I carry on my calls. Through the hedge of details and follow-up emails with quickly photographed doctor’s letters and forms attached, I begin to feel like a caseworker – except, of course, the case is me. Going for a cigarette and talking to another homeless man with a guitar outside the Tesco who has been sleeping rough for weeks to no avail with the council, I feel bizarrely lucky to be in my position – having the network that I have in the people offering help at this moment, and a decent knowledge of how to work political and third sector avenues of support. Not that it seems to be making much difference between us at this stage.

2pm. Another call. Once again, things have run aground on the form I already filled in with the council that they claim not to have. There’s no option – I have to complete it. Heart sinking at the thought of going through the form filling process via editing a PDF on my phone, and with Friska shutting up early for the day with the trickle of a pandemic lunchtime rush over, I decide to haul my stuff over to a youth hostel, to try and complete it on my laptop and get a room if nothing is sorted by the evening.

On arrival, I get a miracle text. With no idea who has made the difference – whether it was Shelter, whether it was the local cabinet member, whether it was Kerry McCarthy or someone in her office – Bristol Council has relented and changed its mind on helping me with emergency accommodation, without needing the form. I lay down in the foyer, exhausted from not even half a day’s cold and panic, until I hear back more.

Two hours later I go back across to the council offices to sign my emergency housing commitment (no visitors, no alcohol), and a hastily filled out housing benefit application, so the council can recoup the costs of where they are sending me. An hour after, I arrive outside an unloved Victorian three-storey house, next to a long shuttered-up pebbledash shop all painted in an eyesore clay red. A staff member answers the door – it’s an 18-room house, one of several owned by a couple who’ve set up a property company in Bristol. He asks me which council I’m from, of the several in the area for which the company takes in emergency tenants. Adding up the numbers in my head, someone’s making a nice little earner from it all – and enough to pay for a team of duty staff members too.

Going to my room, one of six in the converted loft of the house (vibe: first student halls with no wi-fi), I see the news of Rishi Sunak announcing the Government’s 80% wage furlough scheme. Nothing on support for the already unemployed, nothing about Universal Credit.
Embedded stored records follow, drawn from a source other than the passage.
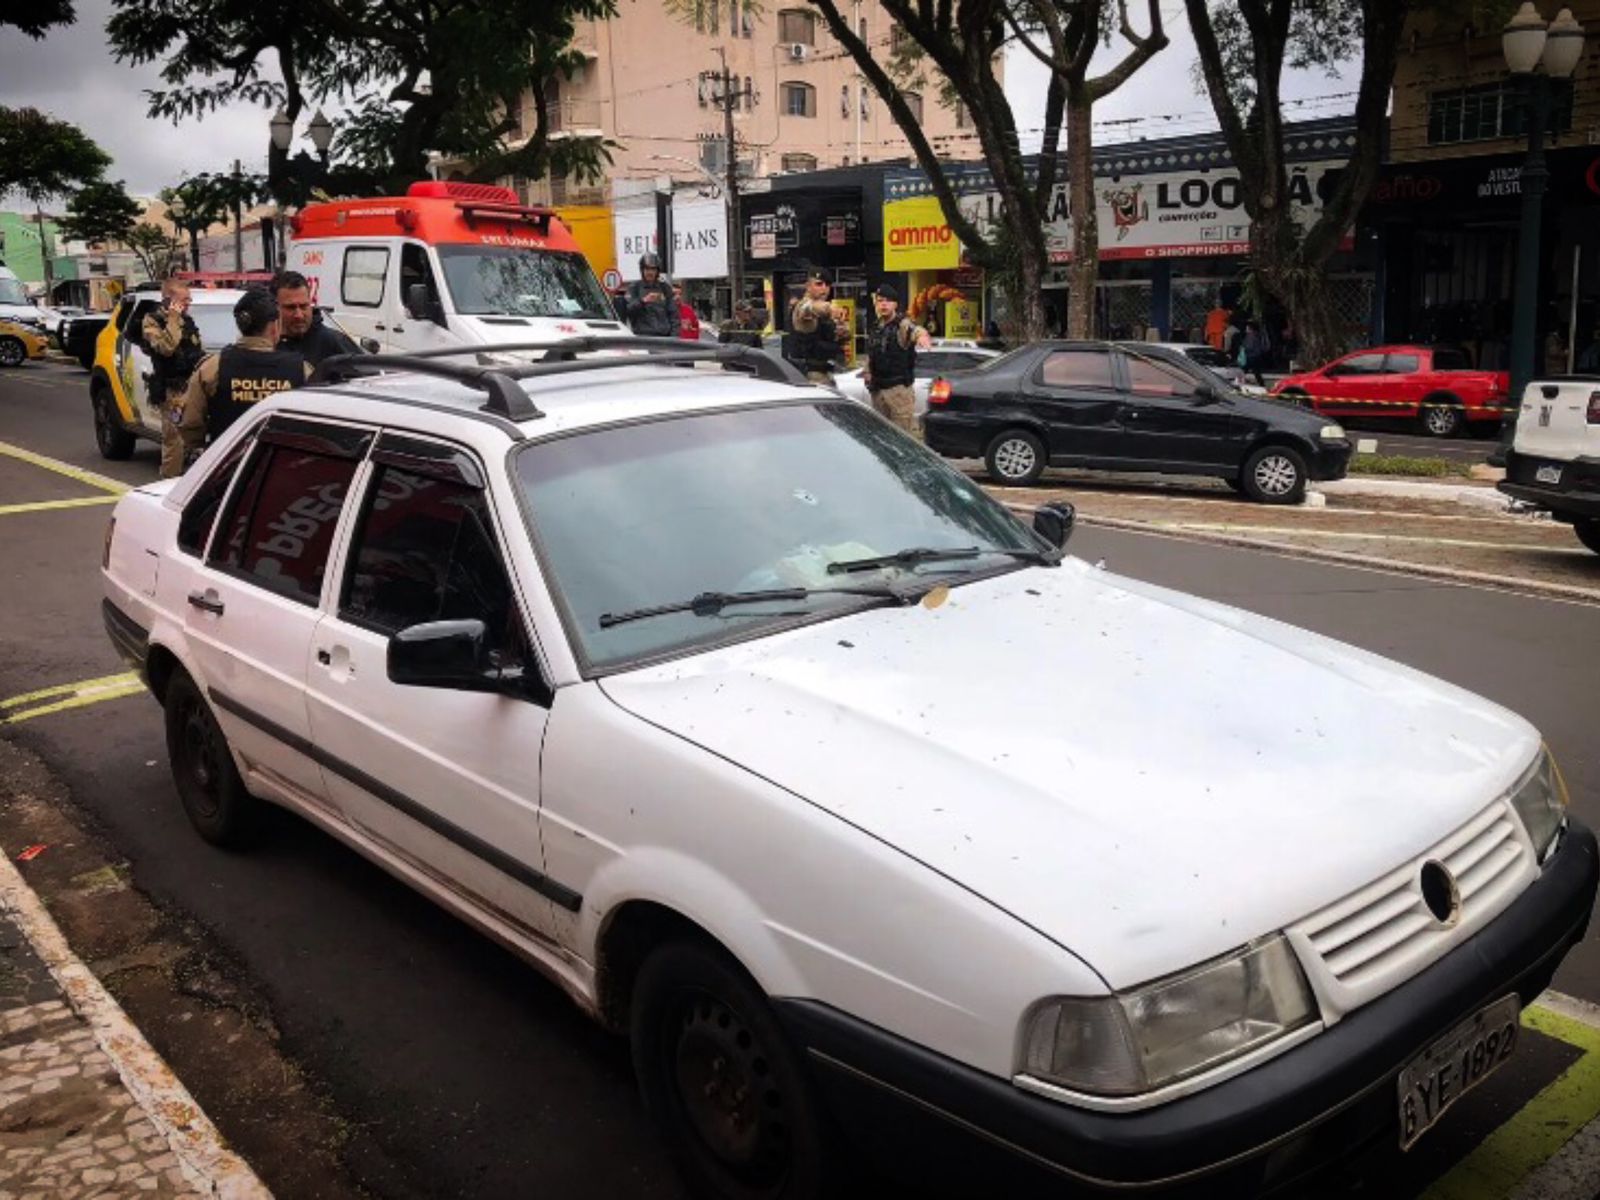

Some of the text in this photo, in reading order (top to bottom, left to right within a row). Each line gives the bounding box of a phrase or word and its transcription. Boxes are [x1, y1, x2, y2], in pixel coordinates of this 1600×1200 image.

[673, 229, 719, 251] EANS
[889, 225, 952, 245] ammo
[1158, 244, 1229, 257] SHOPPING
[306, 277, 320, 304] 92
[231, 377, 292, 391] POLÍCIA
[232, 390, 271, 402] MILIT
The next morning, I wake up to a drunk woman kicking in the next room’s door, screaming “YOU GOT SOMEONE LOCKED UP YOU FUCKING WHORE”. Two days later I go onto the local council’s HomeChoice portal to see that bidding for permanent accommodation is suspended until further notice, in line with the national lockdown.
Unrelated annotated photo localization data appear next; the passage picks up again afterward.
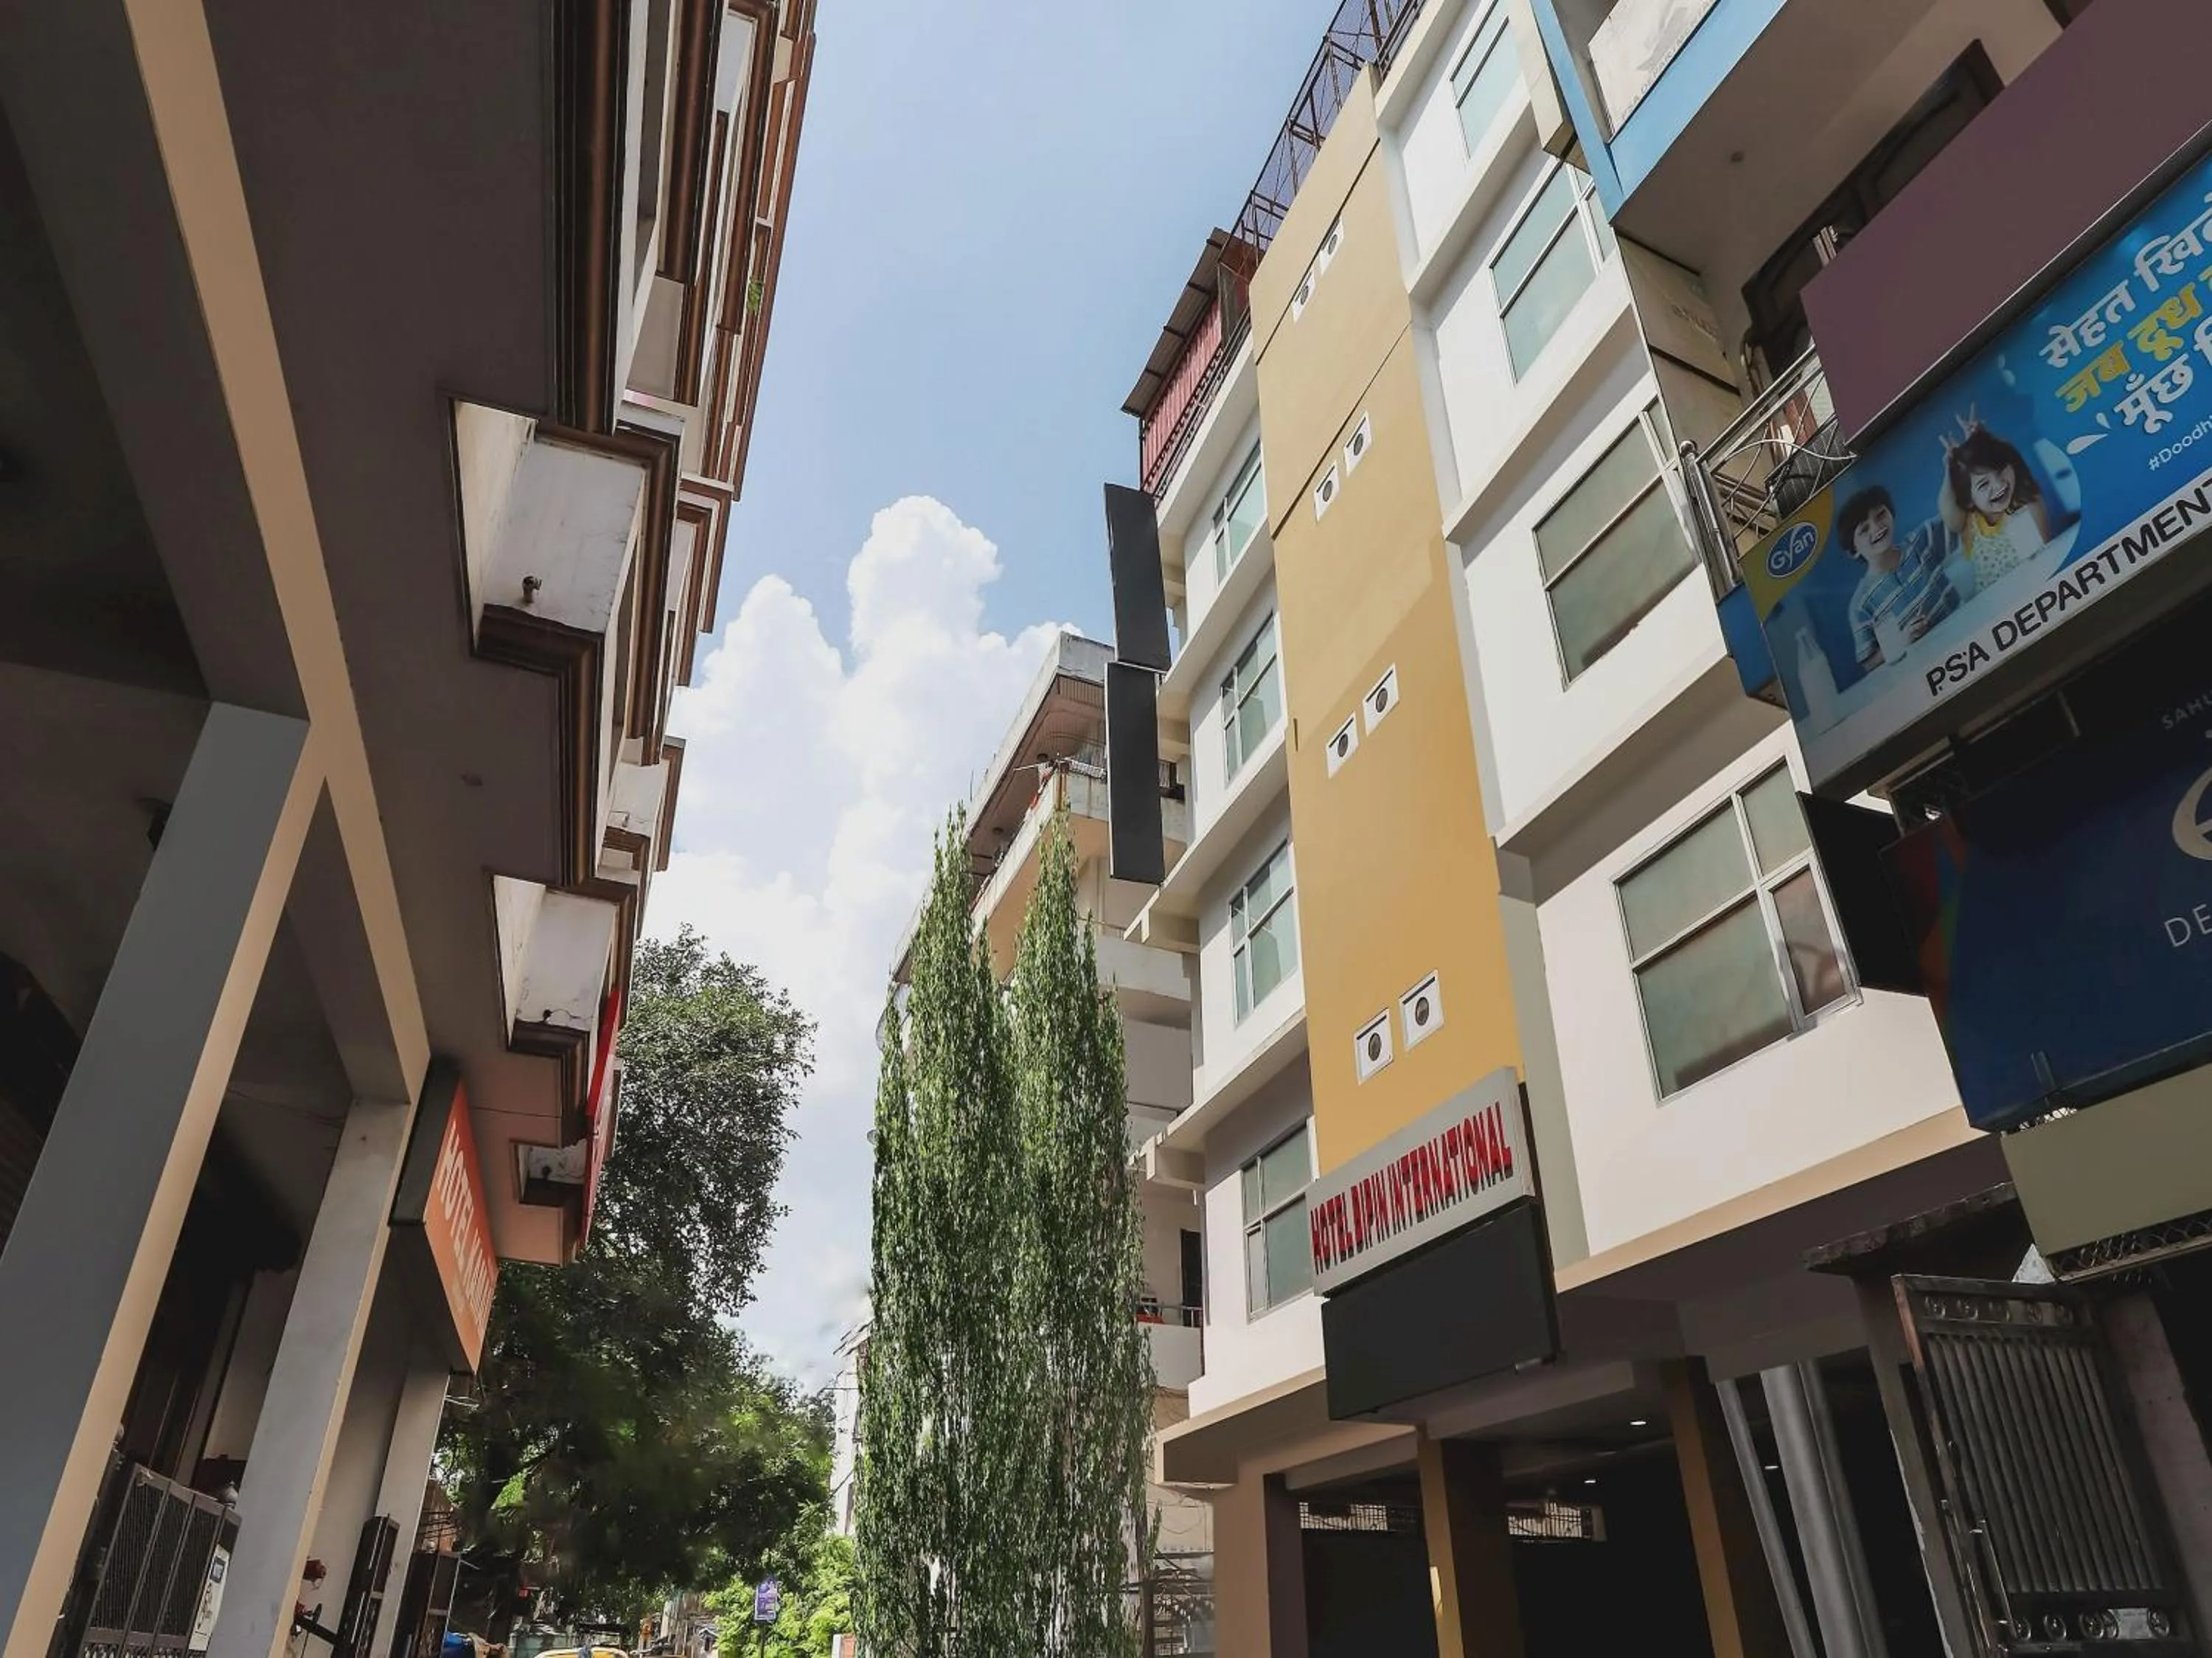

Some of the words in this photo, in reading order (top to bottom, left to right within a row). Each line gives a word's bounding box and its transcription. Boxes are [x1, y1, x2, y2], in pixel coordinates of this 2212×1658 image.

[2039, 279, 2137, 369] सेहत
[2055, 340, 2131, 413] जब
[2126, 282, 2203, 361] दूध
[2148, 414, 2212, 471] #Doodh
[1770, 524, 1815, 569] Gyan
[437, 1120, 474, 1274] HOTEL
[1310, 1191, 1354, 1274] HOTEL
[1386, 1101, 1514, 1238] INTERNATIONAL
Over the coming weeks, I meet Ruth by the Lidl, and Jenny near Temple Meads. Both are still homeless and on the streets – Ruth gets knocked back by the council because “they don’t have enough places”. Jenny is told she can’t be helped because she hasn’t lived in Bristol long enough. There aren’t many places for them to go, to get much money, to sit somewhere warm or to get something to eat. In the words of the council, they’re “not a priority”.
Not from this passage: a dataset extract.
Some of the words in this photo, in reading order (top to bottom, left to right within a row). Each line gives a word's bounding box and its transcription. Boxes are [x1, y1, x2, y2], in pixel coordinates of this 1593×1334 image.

Thinking back to the denials I had to work through despite clearly being a priority, knowing that that three-word phrase disguises all manner of sin at the best of times – and even still now when the Government orders councils to house all rough sleepers at the worst – that three word phrase, “not a priority”, feels at the core of the problem. It’s obstructing even the efforts to house people in the middle of a crisis. It is a weasel phrase, that legally wriggles local authorities out of a duty – medically vital now, but morally vital always – to prevent people from sleeping on the streets.

I was lucky to get past the barriers it throws up. Others, like Ruth, like Jenny, like the man with the guitar outside Tesco, haven’t been. They are still on the streets now.